What you will do → Copy out the entire listing below exactly, but without its pictures.

Source material →

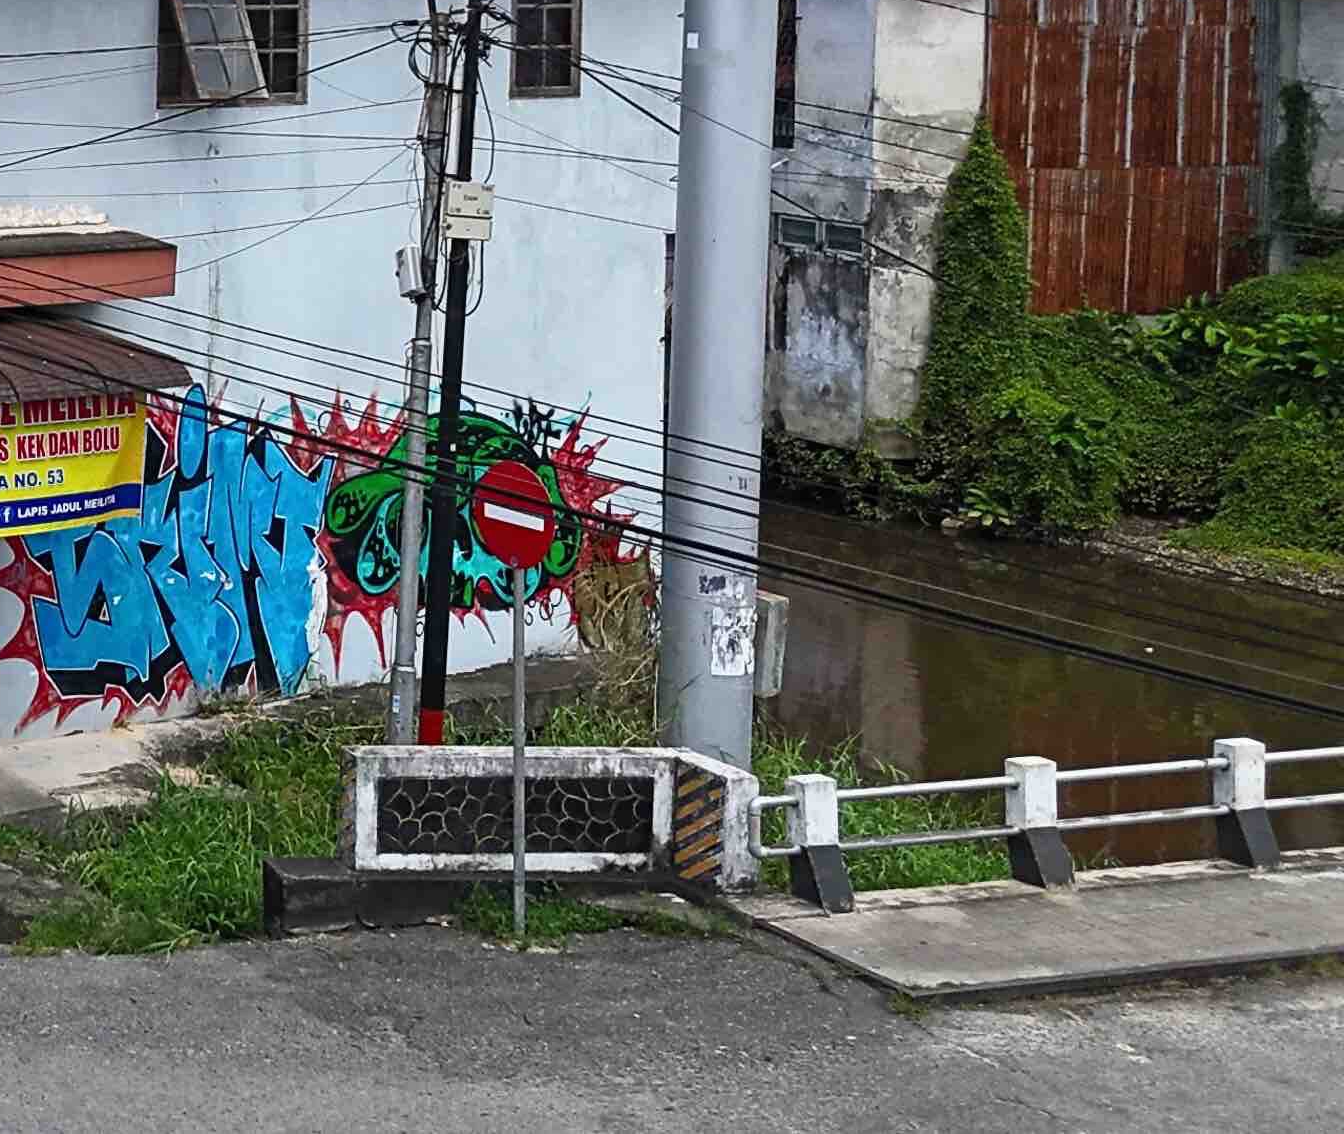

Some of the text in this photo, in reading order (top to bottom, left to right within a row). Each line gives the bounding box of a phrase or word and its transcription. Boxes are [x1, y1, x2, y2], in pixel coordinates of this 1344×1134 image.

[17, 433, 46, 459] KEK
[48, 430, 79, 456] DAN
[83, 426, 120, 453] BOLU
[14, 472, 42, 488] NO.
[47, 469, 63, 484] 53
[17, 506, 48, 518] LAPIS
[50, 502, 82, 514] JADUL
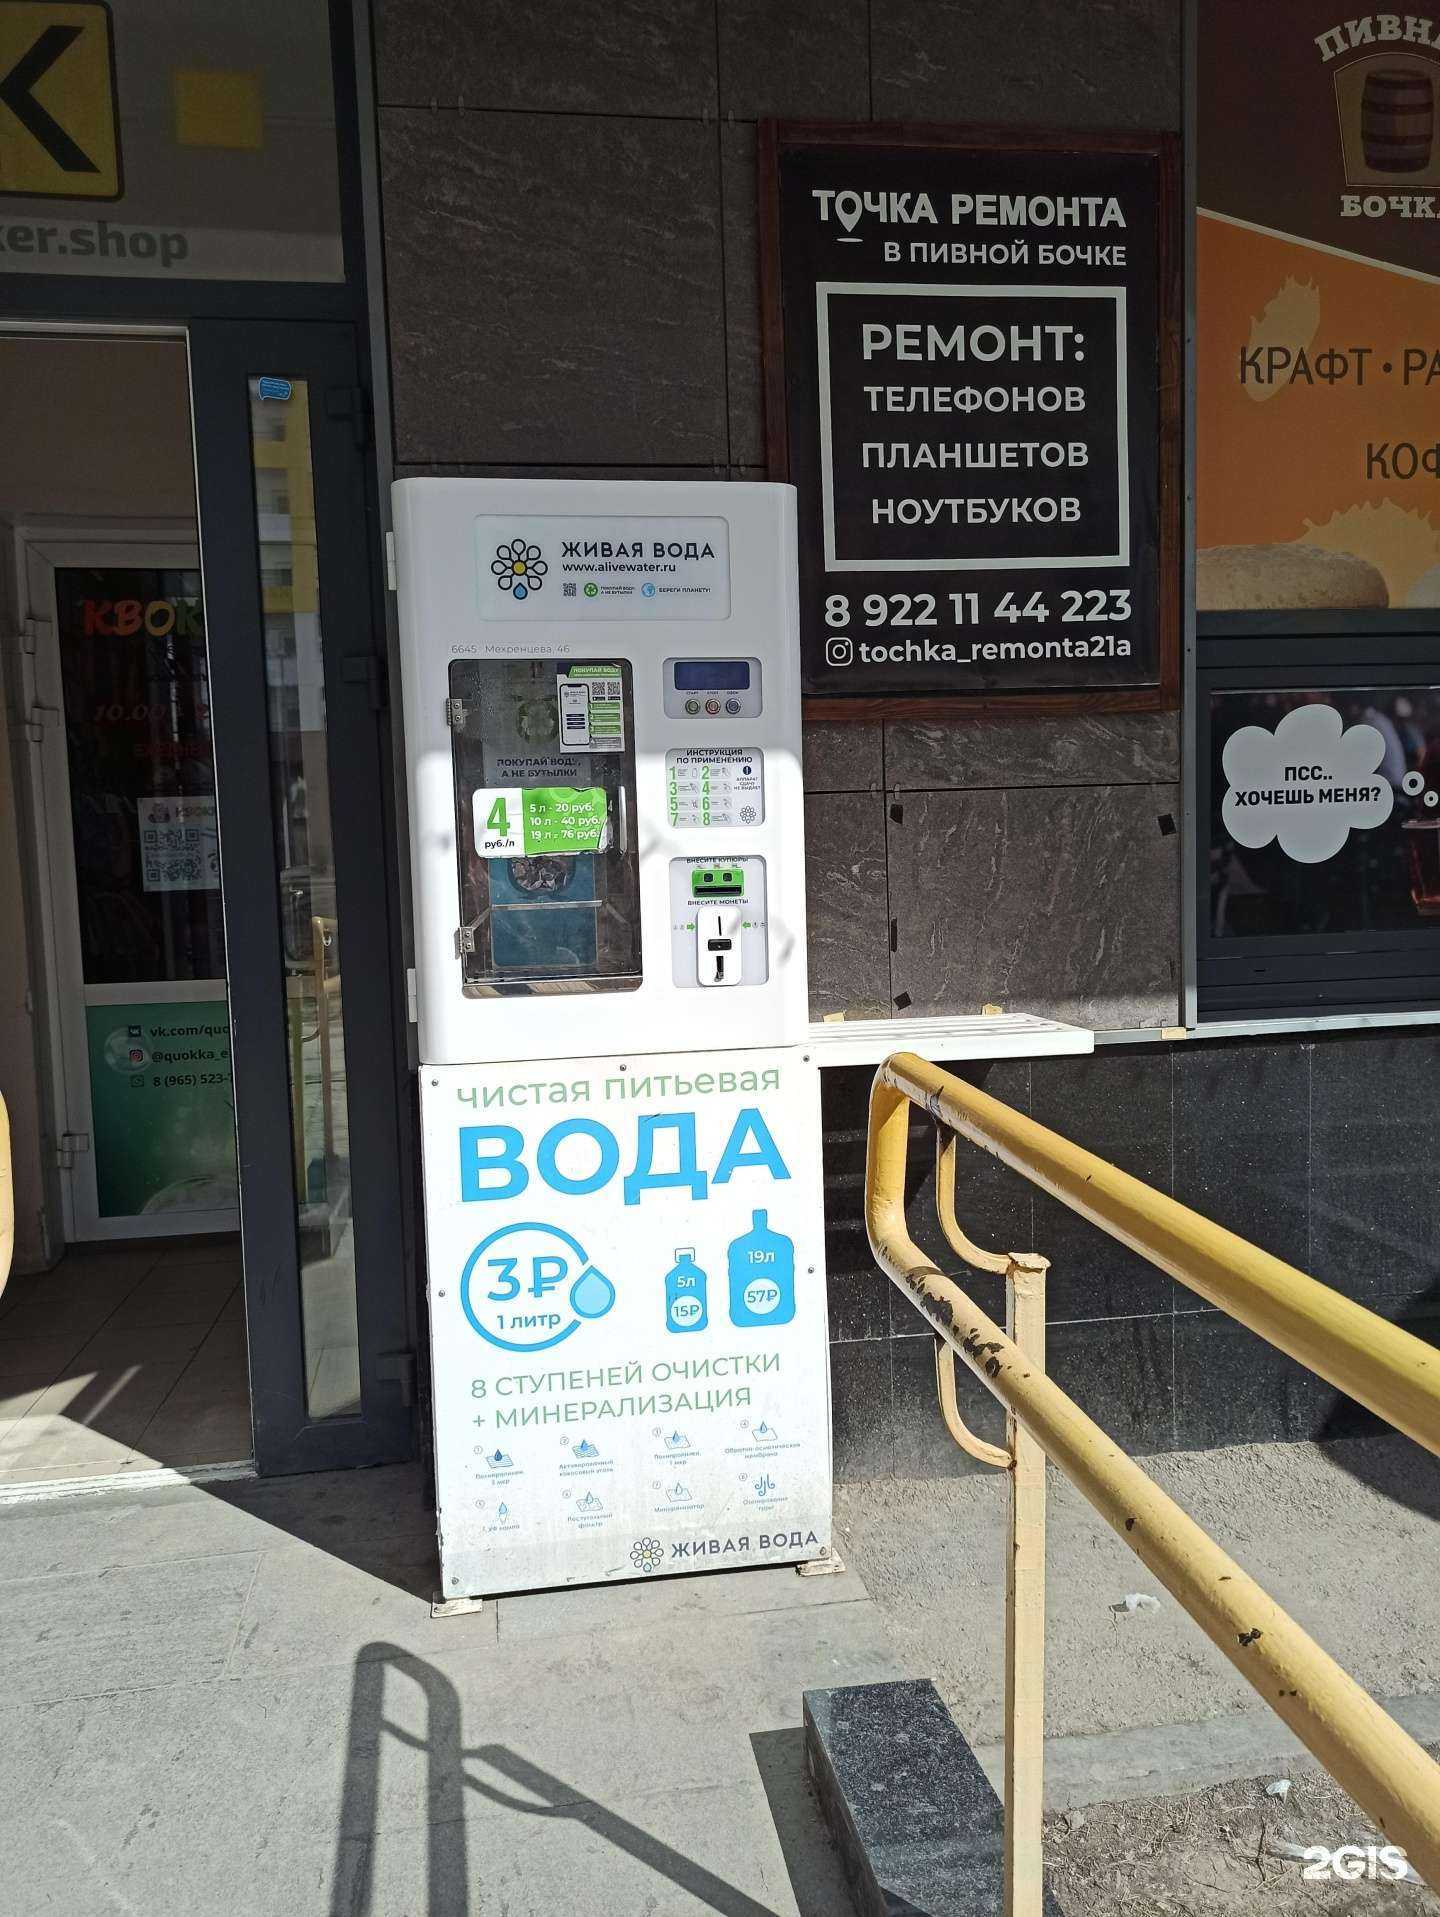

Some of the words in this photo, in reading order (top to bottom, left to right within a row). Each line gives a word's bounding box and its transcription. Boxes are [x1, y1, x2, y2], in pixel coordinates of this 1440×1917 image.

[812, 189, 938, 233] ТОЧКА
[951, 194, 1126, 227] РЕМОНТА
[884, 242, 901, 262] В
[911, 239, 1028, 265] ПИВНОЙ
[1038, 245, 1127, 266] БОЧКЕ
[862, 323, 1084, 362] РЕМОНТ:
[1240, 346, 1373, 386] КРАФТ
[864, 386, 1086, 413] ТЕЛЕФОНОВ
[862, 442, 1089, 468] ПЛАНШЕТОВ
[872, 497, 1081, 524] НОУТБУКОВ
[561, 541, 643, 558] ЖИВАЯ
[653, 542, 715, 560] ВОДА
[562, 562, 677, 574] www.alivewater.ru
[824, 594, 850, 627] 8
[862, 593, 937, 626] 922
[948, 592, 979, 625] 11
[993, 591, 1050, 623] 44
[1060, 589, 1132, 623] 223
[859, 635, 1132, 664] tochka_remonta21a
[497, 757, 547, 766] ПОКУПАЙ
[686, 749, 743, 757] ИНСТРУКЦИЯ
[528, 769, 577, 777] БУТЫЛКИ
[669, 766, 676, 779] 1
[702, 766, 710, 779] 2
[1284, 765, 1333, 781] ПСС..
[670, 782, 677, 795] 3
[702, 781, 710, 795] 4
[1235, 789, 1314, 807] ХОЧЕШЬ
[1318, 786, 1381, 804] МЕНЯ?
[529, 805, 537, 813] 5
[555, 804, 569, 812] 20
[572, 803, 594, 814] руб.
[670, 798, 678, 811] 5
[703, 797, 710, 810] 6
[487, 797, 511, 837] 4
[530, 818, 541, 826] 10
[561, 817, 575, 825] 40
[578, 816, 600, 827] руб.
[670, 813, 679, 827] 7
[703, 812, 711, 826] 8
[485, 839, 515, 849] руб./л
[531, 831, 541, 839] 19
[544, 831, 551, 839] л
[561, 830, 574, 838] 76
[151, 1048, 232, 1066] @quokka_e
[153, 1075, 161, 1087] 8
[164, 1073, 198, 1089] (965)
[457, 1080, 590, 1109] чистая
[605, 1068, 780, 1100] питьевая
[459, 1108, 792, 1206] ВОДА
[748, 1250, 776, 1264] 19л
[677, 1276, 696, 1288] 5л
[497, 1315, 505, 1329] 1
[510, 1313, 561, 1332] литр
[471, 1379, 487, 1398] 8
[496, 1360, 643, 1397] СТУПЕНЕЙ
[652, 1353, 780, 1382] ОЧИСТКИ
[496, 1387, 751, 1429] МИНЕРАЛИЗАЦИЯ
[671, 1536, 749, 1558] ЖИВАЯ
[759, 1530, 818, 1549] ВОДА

Finished task →
Some of the text in this photo, in reading order (top to bottom, left to right within a row). Each line gives the bounding box of a phrase or word and its transcription. Boxes are [x1, y1, x2, y2], in pixel coordinates of this 1344×1134 image.

[17, 433, 46, 459] KEK
[48, 430, 79, 456] DAN
[83, 426, 120, 453] BOLU
[14, 472, 42, 488] NO.
[47, 469, 63, 484] 53
[17, 506, 48, 518] LAPIS
[50, 502, 82, 514] JADUL

Some of the words in this photo, in reading order (top to bottom, left to right within a row). Each line gives a word's bounding box and its transcription. Boxes are [x1, y1, x2, y2], in pixel coordinates of this 1440×1917 image.

[812, 189, 938, 233] ТОЧКА
[951, 194, 1126, 227] РЕМОНТА
[884, 242, 901, 262] В
[911, 239, 1028, 265] ПИВНОЙ
[1038, 245, 1127, 266] БОЧКЕ
[862, 323, 1084, 362] РЕМОНТ:
[1240, 346, 1373, 386] КРАФТ
[864, 386, 1086, 413] ТЕЛЕФОНОВ
[862, 442, 1089, 468] ПЛАНШЕТОВ
[872, 497, 1081, 524] НОУТБУКОВ
[561, 541, 643, 558] ЖИВАЯ
[653, 542, 715, 560] ВОДА
[562, 562, 677, 574] www.alivewater.ru
[824, 594, 850, 627] 8
[862, 593, 937, 626] 922
[948, 592, 979, 625] 11
[993, 591, 1050, 623] 44
[1060, 589, 1132, 623] 223
[859, 635, 1132, 664] tochka_remonta21a
[497, 757, 547, 766] ПОКУПАЙ
[686, 749, 743, 757] ИНСТРУКЦИЯ
[528, 769, 577, 777] БУТЫЛКИ
[669, 766, 676, 779] 1
[702, 766, 710, 779] 2
[1284, 765, 1333, 781] ПСС..
[670, 782, 677, 795] 3
[702, 781, 710, 795] 4
[1235, 789, 1314, 807] ХОЧЕШЬ
[1318, 786, 1381, 804] МЕНЯ?
[529, 805, 537, 813] 5
[555, 804, 569, 812] 20
[572, 803, 594, 814] руб.
[670, 798, 678, 811] 5
[703, 797, 710, 810] 6
[487, 797, 511, 837] 4
[530, 818, 541, 826] 10
[561, 817, 575, 825] 40
[578, 816, 600, 827] руб.
[670, 813, 679, 827] 7
[703, 812, 711, 826] 8
[485, 839, 515, 849] руб./л
[531, 831, 541, 839] 19
[544, 831, 551, 839] л
[561, 830, 574, 838] 76
[151, 1048, 232, 1066] @quokka_e
[153, 1075, 161, 1087] 8
[164, 1073, 198, 1089] (965)
[457, 1080, 590, 1109] чистая
[605, 1068, 780, 1100] питьевая
[459, 1108, 792, 1206] ВОДА
[748, 1250, 776, 1264] 19л
[677, 1276, 696, 1288] 5л
[497, 1315, 505, 1329] 1
[510, 1313, 561, 1332] литр
[471, 1379, 487, 1398] 8
[496, 1360, 643, 1397] СТУПЕНЕЙ
[652, 1353, 780, 1382] ОЧИСТКИ
[496, 1387, 751, 1429] МИНЕРАЛИЗАЦИЯ
[671, 1536, 749, 1558] ЖИВАЯ
[759, 1530, 818, 1549] ВОДА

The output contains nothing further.